What the task requires
The answer should consist of the full listing below, repeated exactly and free of pictures.

Information given
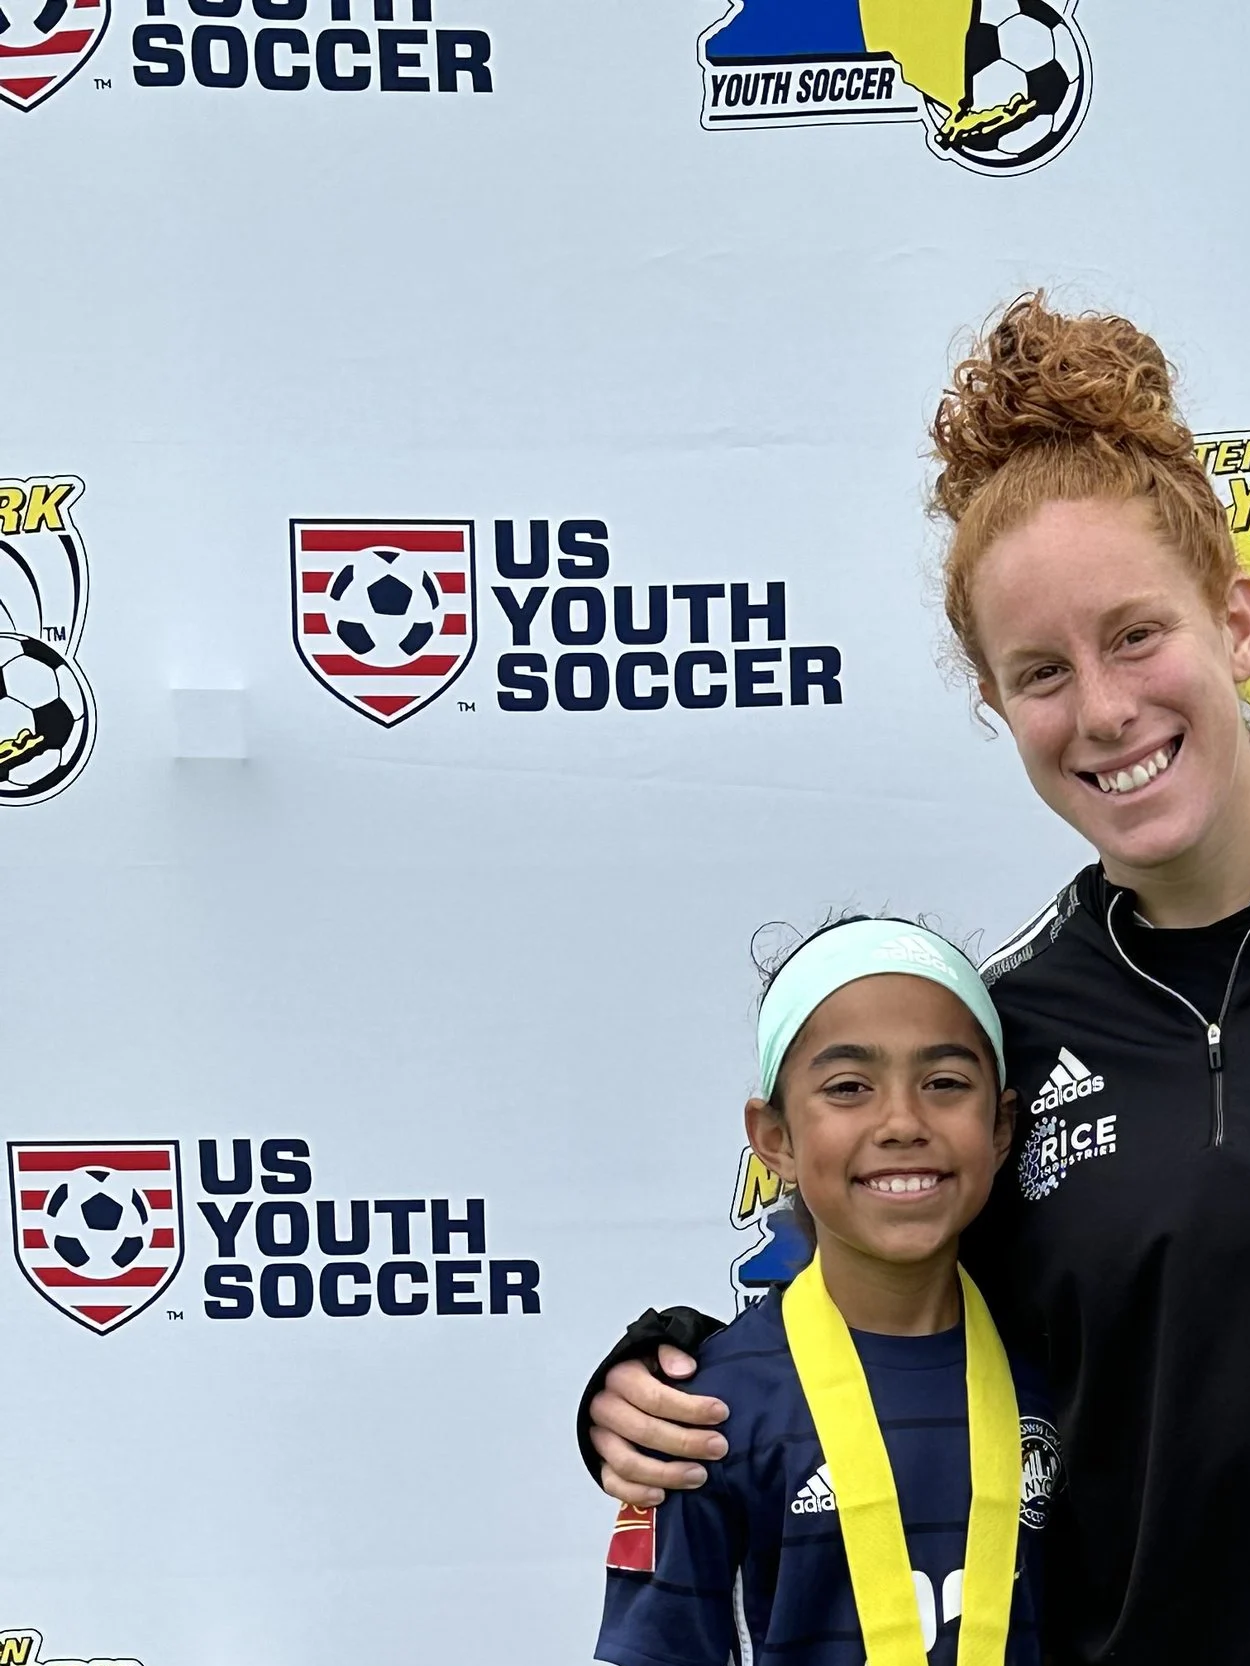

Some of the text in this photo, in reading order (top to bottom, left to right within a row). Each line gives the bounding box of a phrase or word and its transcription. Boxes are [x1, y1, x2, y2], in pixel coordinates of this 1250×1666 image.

[132, 23, 493, 92] SOCCER
[711, 67, 895, 107] YOUTH SOCCER
[494, 520, 609, 580] US
[492, 581, 786, 646] YOUTH
[497, 646, 842, 712] SOCCER
[1030, 1075, 1105, 1115] adidas
[199, 1138, 312, 1195] US
[196, 1198, 486, 1258] YOUTH
[204, 1259, 541, 1319] SOCCER
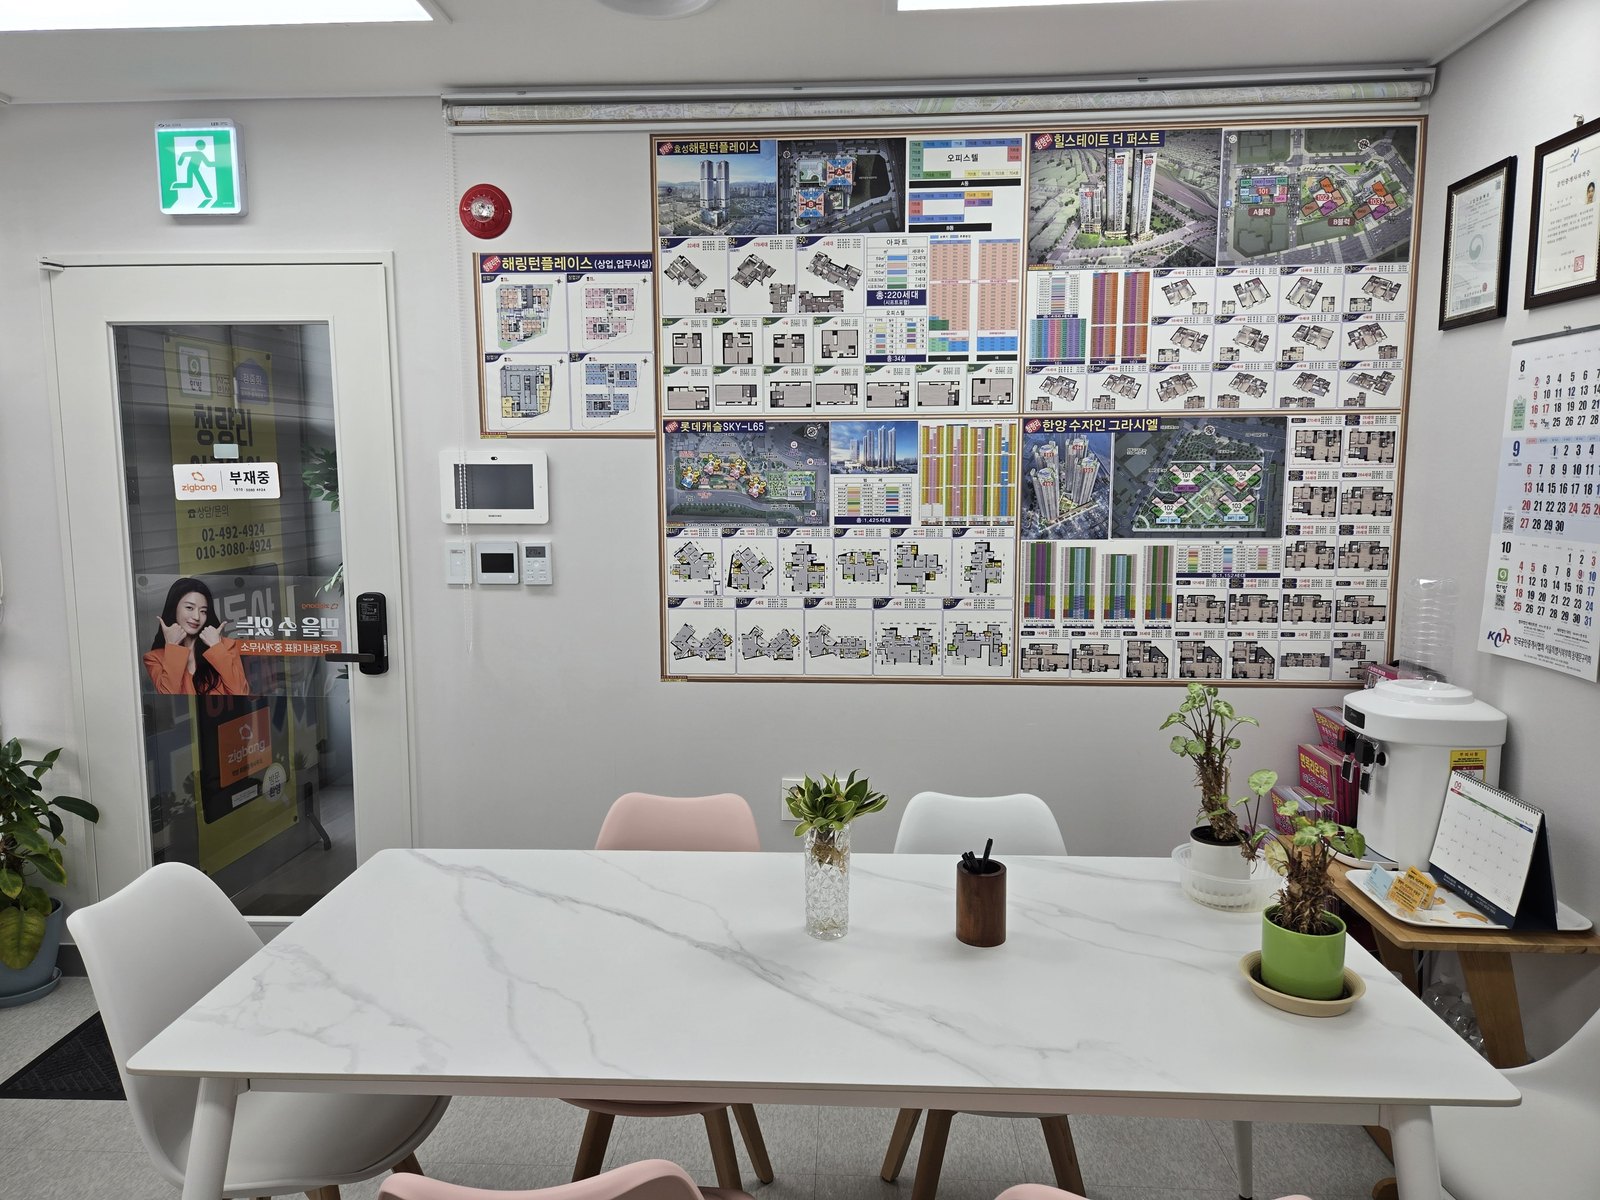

Response to the exercise
Some of the text in this photo, in reading order (top to bottom, left to right within a row). Each line gives the bounding box of a phrase or word and its transcription. Boxes are [x1, y1, x2, y2], in pixel coordinates of this 1250×1666 image.

[132, 23, 493, 92] SOCCER
[711, 67, 895, 107] YOUTH SOCCER
[494, 520, 609, 580] US
[492, 581, 786, 646] YOUTH
[497, 646, 842, 712] SOCCER
[1030, 1075, 1105, 1115] adidas
[199, 1138, 312, 1195] US
[196, 1198, 486, 1258] YOUTH
[204, 1259, 541, 1319] SOCCER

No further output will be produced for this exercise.